*Problem to work on*: Print the data exactly as written, line for line, and leave its pictures behind.

Stored data entries:
== Segment start ==
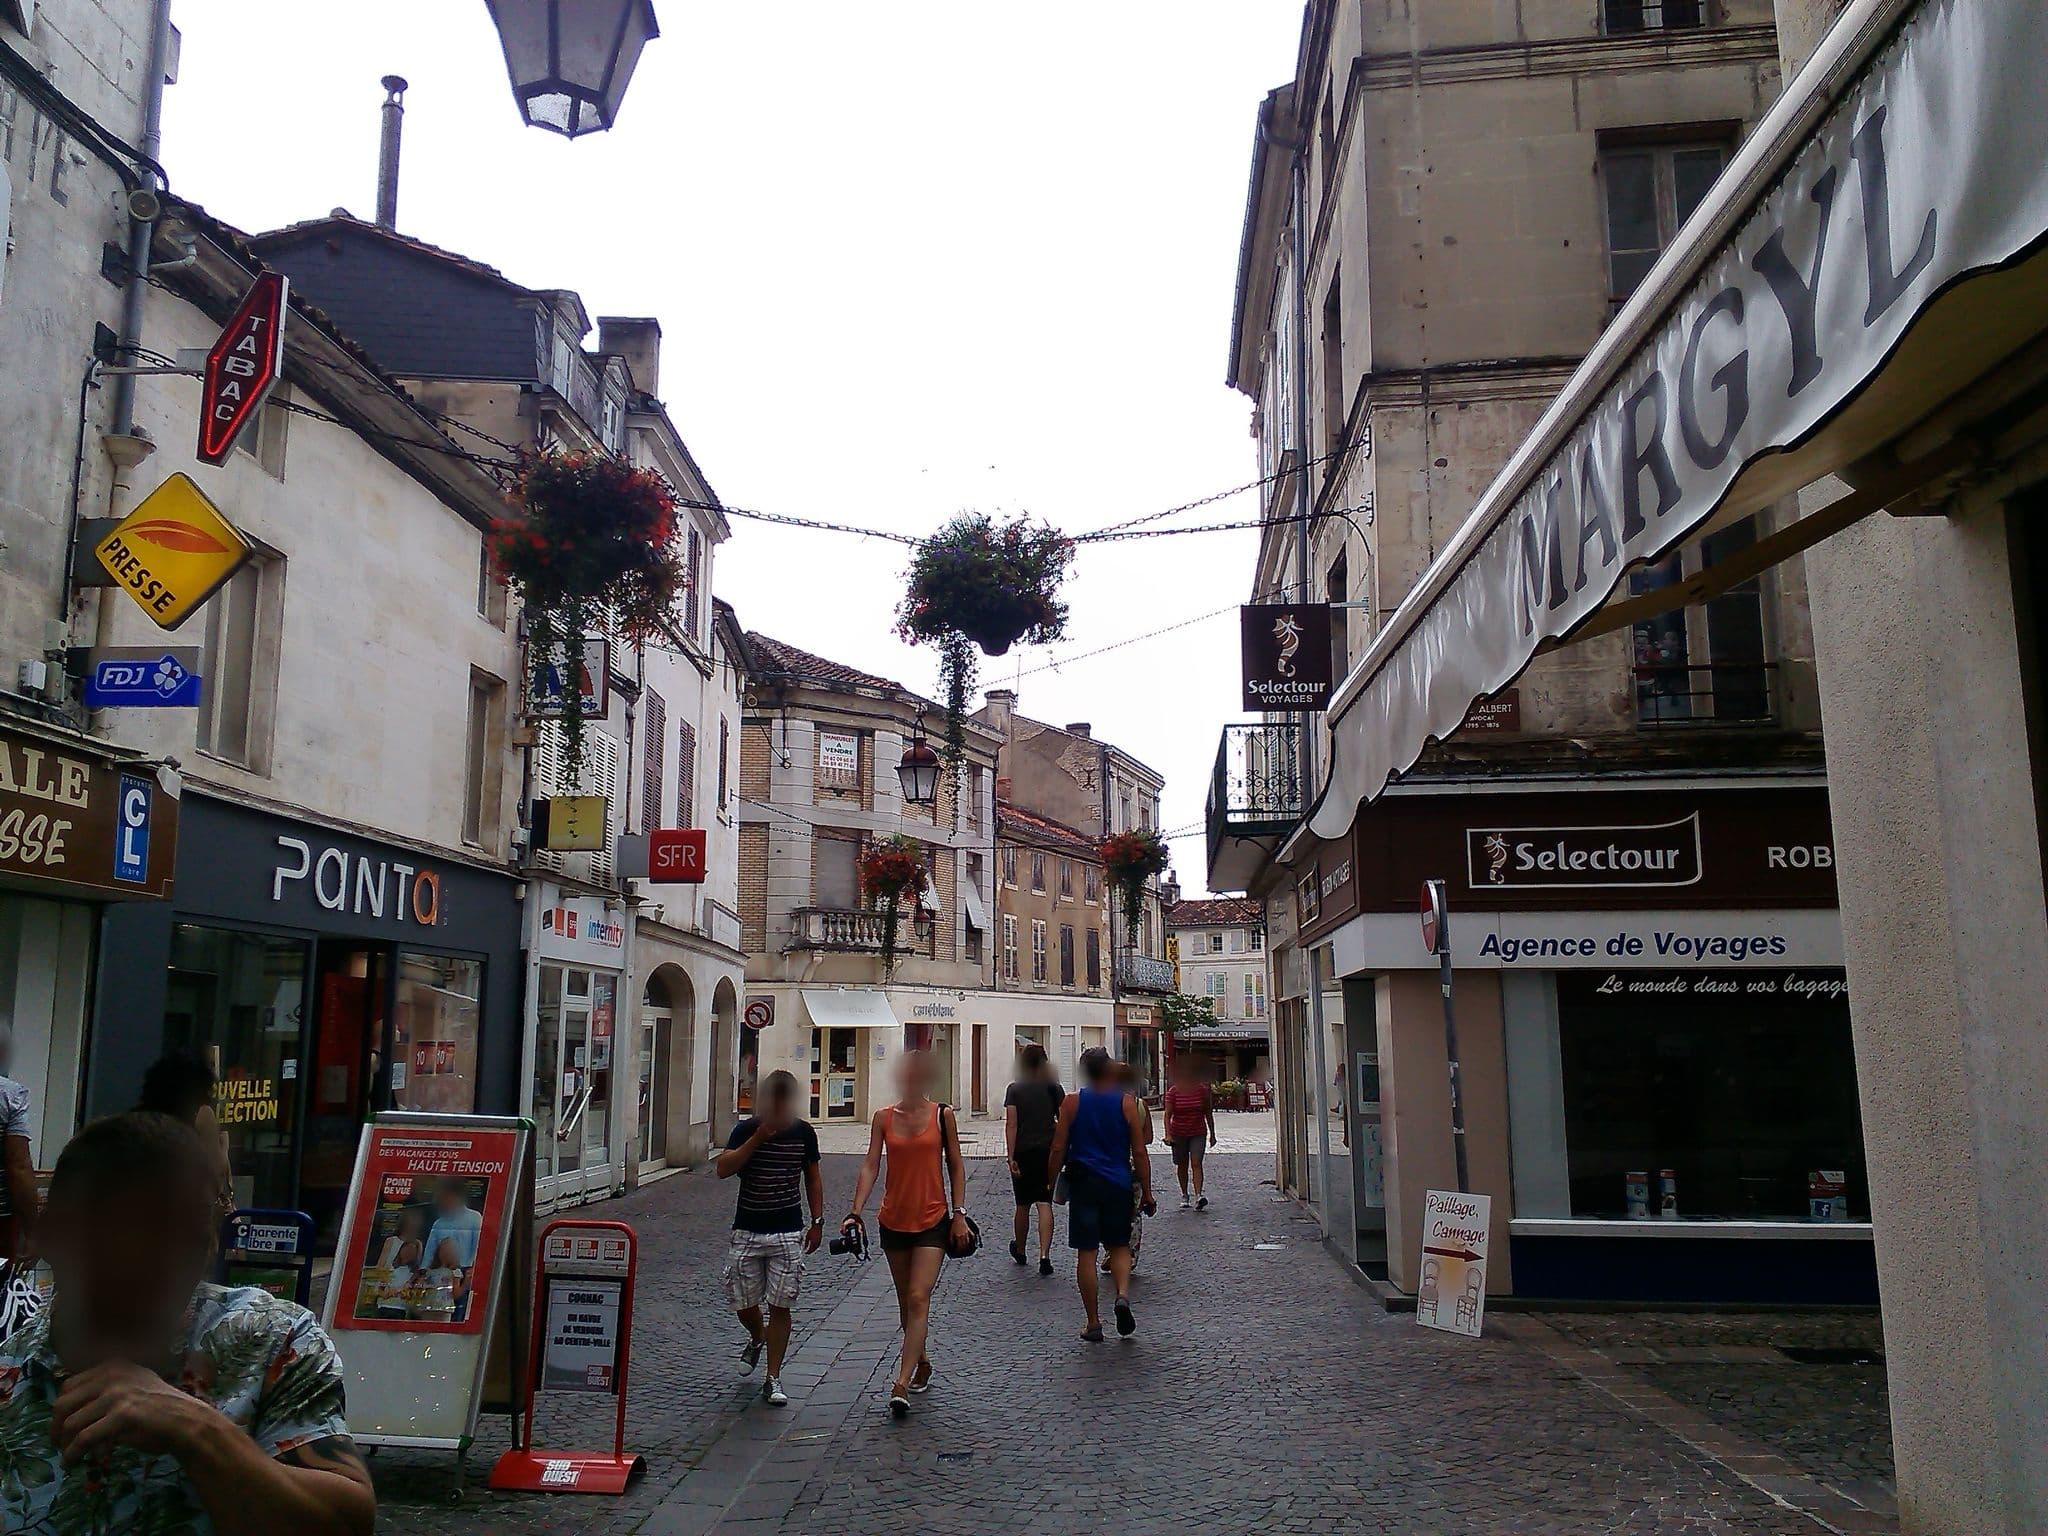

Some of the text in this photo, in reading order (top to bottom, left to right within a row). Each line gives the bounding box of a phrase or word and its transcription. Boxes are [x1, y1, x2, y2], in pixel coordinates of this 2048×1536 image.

[215, 316, 266, 421] TABAC
[1522, 104, 1937, 636] MARGYL
[102, 536, 176, 613] PRESSE
[101, 667, 146, 685] FDJ
[1248, 679, 1326, 694] Selectour
[1262, 694, 1313, 703] VOYAGES
[1479, 704, 1512, 713] ALBERT
[825, 747, 853, 755] VENDRE
[0, 809, 72, 865] SSE
[656, 844, 697, 867] SFR
[1515, 841, 1680, 871] Selectour
[1479, 932, 1787, 962] Agence de Voyages
[1596, 973, 1624, 994] Le
[1628, 976, 1688, 993] monde
[1694, 976, 1740, 993] dans
[1746, 980, 1778, 993] vos
[396, 1149, 437, 1158] VACANCES
[438, 1151, 460, 1159] SOUS
[407, 1160, 505, 1173] HAUTE TENSION
[386, 1177, 413, 1187] POINT
[396, 1187, 412, 1195] VUE
[1427, 1194, 1479, 1220] Paillage,
[237, 1225, 297, 1239] Charente
[1432, 1221, 1486, 1247] Cannage
[237, 1238, 272, 1249] Libre
[568, 1292, 604, 1304] COGNAC
[565, 1337, 611, 1348] CENTRE-VILLE
[587, 1376, 610, 1386] OUEST
[546, 1460, 571, 1471] SUD
[542, 1470, 579, 1483] OUEST
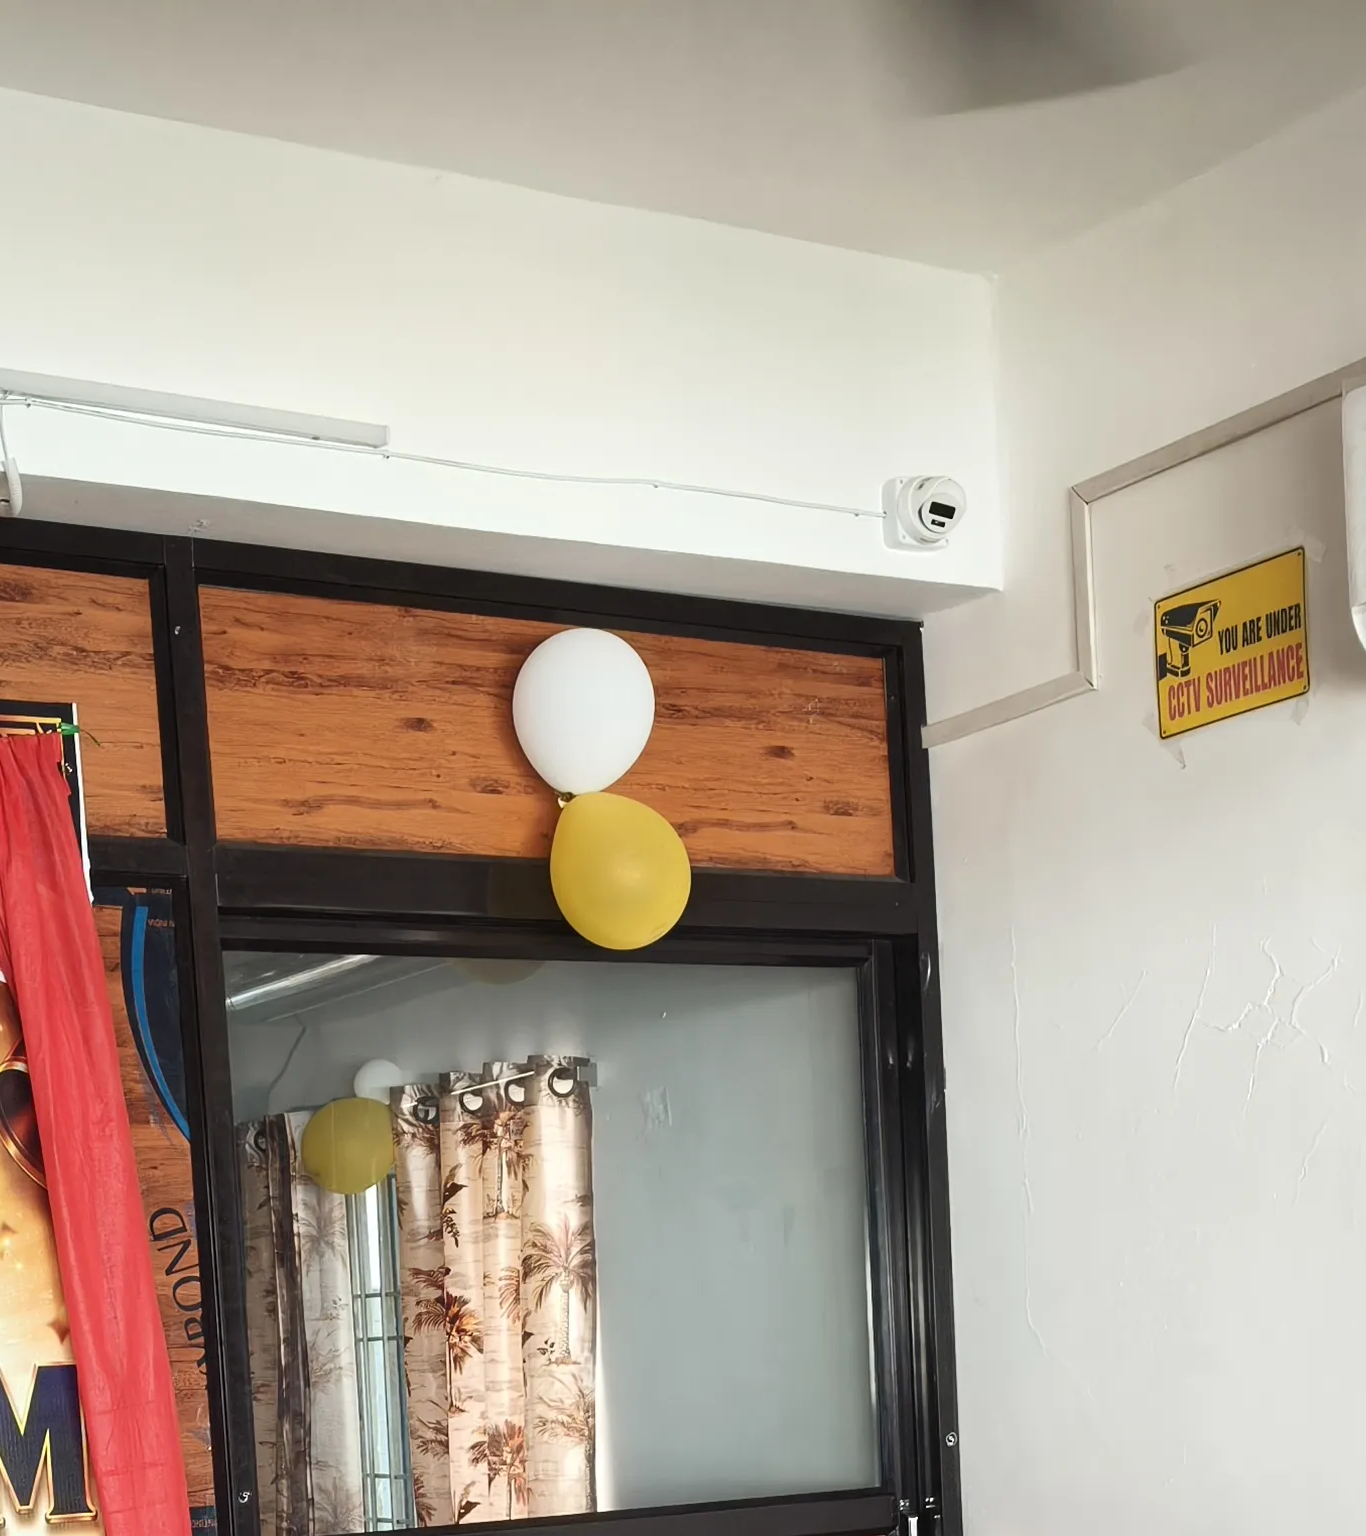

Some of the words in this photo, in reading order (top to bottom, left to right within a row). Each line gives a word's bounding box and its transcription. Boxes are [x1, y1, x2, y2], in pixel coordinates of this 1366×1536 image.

[1218, 624, 1238, 655] YOU
[1242, 616, 1262, 648] ARE
[1266, 603, 1302, 639] UNDER
[1168, 676, 1201, 721] CCTV
[1206, 642, 1304, 708] SURVEILLANCE
== Segment end ==
*Response*:
Some of the text in this photo, in reading order (top to bottom, left to right within a row). Each line gives the bounding box of a phrase or word and its transcription. Boxes are [x1, y1, x2, y2], in pixel coordinates of this 2048×1536 image.

[215, 316, 266, 421] TABAC
[1522, 104, 1937, 636] MARGYL
[102, 536, 176, 613] PRESSE
[101, 667, 146, 685] FDJ
[1248, 679, 1326, 694] Selectour
[1262, 694, 1313, 703] VOYAGES
[1479, 704, 1512, 713] ALBERT
[825, 747, 853, 755] VENDRE
[0, 809, 72, 865] SSE
[656, 844, 697, 867] SFR
[1515, 841, 1680, 871] Selectour
[1479, 932, 1787, 962] Agence de Voyages
[1596, 973, 1624, 994] Le
[1628, 976, 1688, 993] monde
[1694, 976, 1740, 993] dans
[1746, 980, 1778, 993] vos
[396, 1149, 437, 1158] VACANCES
[438, 1151, 460, 1159] SOUS
[407, 1160, 505, 1173] HAUTE TENSION
[386, 1177, 413, 1187] POINT
[396, 1187, 412, 1195] VUE
[1427, 1194, 1479, 1220] Paillage,
[237, 1225, 297, 1239] Charente
[1432, 1221, 1486, 1247] Cannage
[237, 1238, 272, 1249] Libre
[568, 1292, 604, 1304] COGNAC
[565, 1337, 611, 1348] CENTRE-VILLE
[587, 1376, 610, 1386] OUEST
[546, 1460, 571, 1471] SUD
[542, 1470, 579, 1483] OUEST

Some of the words in this photo, in reading order (top to bottom, left to right within a row). Each line gives a word's bounding box and its transcription. Boxes are [x1, y1, x2, y2], in pixel coordinates of this 1366×1536 image.

[1218, 624, 1238, 655] YOU
[1242, 616, 1262, 648] ARE
[1266, 603, 1302, 639] UNDER
[1168, 676, 1201, 721] CCTV
[1206, 642, 1304, 708] SURVEILLANCE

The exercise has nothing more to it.